§ EXERCISE GOAL: Set down exactly each line of the entries below, beginning at the one that contains "this 1600×1200 image." and ending at the last, and no others.

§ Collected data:
◆ ◆ ◆ ◆

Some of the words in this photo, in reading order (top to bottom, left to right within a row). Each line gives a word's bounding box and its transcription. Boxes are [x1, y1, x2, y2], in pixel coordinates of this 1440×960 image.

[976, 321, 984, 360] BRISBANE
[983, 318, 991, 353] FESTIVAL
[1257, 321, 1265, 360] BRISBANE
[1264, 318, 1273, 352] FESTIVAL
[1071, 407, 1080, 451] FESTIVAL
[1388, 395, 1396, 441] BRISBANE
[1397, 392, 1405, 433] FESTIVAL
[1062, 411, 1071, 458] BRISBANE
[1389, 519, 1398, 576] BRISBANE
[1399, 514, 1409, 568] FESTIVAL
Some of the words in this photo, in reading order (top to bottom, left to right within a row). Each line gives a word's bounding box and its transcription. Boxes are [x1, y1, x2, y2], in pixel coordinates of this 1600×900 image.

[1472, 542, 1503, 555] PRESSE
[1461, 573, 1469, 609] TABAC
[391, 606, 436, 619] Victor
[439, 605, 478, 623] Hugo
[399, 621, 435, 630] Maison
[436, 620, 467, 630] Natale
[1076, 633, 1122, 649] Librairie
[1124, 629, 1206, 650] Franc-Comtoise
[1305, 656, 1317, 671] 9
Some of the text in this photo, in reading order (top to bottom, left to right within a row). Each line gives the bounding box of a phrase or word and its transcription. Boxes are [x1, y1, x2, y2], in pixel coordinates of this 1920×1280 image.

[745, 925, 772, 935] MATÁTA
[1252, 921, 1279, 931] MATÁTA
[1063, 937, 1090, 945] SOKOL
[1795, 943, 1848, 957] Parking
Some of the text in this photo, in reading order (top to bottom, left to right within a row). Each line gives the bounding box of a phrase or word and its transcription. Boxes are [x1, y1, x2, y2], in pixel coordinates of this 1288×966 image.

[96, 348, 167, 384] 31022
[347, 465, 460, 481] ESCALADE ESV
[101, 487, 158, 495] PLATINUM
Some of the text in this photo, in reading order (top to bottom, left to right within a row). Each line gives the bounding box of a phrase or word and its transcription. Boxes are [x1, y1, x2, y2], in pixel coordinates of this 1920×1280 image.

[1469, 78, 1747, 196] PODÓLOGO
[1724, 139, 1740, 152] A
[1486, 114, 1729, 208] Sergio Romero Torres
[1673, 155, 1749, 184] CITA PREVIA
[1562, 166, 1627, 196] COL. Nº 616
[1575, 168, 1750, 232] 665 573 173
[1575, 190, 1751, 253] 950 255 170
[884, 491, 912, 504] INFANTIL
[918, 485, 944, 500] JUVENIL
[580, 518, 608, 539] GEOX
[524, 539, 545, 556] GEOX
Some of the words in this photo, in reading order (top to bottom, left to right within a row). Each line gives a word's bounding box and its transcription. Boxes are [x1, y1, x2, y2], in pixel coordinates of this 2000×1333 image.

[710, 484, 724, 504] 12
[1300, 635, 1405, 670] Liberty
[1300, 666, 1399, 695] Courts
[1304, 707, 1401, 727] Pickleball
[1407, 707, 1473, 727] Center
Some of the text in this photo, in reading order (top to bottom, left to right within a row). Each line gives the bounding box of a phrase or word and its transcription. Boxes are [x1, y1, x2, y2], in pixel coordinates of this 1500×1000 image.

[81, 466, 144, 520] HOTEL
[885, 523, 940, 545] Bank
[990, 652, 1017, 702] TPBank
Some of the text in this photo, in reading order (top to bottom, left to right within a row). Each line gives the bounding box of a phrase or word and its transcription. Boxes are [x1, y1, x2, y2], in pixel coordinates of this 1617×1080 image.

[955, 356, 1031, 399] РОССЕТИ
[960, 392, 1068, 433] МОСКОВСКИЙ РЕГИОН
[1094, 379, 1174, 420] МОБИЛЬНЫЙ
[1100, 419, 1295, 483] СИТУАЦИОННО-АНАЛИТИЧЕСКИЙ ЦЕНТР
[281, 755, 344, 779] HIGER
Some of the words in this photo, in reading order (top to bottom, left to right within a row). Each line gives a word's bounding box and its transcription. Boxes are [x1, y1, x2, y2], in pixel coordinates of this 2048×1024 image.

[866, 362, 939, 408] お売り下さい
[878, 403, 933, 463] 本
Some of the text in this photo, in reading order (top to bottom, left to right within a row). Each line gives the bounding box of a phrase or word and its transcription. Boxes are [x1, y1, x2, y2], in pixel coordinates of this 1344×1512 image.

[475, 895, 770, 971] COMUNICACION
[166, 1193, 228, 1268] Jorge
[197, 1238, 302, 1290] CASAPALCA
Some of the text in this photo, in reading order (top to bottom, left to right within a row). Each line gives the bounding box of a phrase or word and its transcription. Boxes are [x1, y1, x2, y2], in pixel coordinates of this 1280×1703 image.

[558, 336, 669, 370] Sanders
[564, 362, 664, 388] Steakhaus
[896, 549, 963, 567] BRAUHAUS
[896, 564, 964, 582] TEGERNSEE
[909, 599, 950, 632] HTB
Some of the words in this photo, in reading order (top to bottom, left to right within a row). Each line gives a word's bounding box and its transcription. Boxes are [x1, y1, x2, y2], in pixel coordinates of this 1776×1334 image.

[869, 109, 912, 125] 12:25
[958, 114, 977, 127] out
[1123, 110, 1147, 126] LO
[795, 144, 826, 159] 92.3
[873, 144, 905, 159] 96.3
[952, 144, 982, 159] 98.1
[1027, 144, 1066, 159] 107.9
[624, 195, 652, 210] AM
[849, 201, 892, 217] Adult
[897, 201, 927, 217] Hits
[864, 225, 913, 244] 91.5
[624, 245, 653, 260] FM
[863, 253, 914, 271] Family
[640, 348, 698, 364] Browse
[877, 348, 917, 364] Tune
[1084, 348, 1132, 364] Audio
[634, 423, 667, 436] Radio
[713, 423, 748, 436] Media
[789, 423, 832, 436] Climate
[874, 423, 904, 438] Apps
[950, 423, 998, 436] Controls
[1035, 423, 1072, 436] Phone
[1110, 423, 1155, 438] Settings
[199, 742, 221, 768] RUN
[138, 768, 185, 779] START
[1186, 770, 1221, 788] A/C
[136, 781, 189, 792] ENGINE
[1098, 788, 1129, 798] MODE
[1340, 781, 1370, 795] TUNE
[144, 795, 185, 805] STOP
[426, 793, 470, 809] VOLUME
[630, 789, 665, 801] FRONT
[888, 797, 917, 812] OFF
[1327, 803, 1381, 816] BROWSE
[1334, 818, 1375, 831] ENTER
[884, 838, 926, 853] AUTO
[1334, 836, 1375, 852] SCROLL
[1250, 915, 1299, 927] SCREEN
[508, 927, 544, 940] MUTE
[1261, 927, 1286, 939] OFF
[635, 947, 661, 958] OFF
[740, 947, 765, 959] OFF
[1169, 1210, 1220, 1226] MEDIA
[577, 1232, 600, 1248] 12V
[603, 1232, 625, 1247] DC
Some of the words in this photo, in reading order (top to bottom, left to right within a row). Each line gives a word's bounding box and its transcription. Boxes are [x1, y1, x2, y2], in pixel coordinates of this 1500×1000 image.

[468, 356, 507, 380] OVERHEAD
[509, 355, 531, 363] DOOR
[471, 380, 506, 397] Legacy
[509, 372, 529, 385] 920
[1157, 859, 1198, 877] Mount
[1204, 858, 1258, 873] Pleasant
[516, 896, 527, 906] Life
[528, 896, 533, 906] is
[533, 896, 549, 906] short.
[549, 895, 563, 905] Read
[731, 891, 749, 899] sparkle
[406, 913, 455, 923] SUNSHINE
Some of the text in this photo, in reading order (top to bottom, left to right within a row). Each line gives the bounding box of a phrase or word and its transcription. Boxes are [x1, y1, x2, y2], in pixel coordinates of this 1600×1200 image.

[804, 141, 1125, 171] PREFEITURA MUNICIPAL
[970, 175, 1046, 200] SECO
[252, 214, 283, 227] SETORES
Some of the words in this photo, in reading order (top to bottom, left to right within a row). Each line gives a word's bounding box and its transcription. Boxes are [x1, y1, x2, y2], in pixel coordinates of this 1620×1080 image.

◆ ◆ ◆ ◆

§ YOUR RESPONSE:
Some of the text in this photo, in reading order (top to bottom, left to right within a row). Each line gives the bounding box of a phrase or word and its transcription. Boxes are [x1, y1, x2, y2], in pixel coordinates of this 1600×1200 image.

[804, 141, 1125, 171] PREFEITURA MUNICIPAL
[970, 175, 1046, 200] SECO
[252, 214, 283, 227] SETORES
Some of the words in this photo, in reading order (top to bottom, left to right within a row). Each line gives a word's bounding box and its transcription. Boxes are [x1, y1, x2, y2], in pixel coordinates of this 1620×1080 image.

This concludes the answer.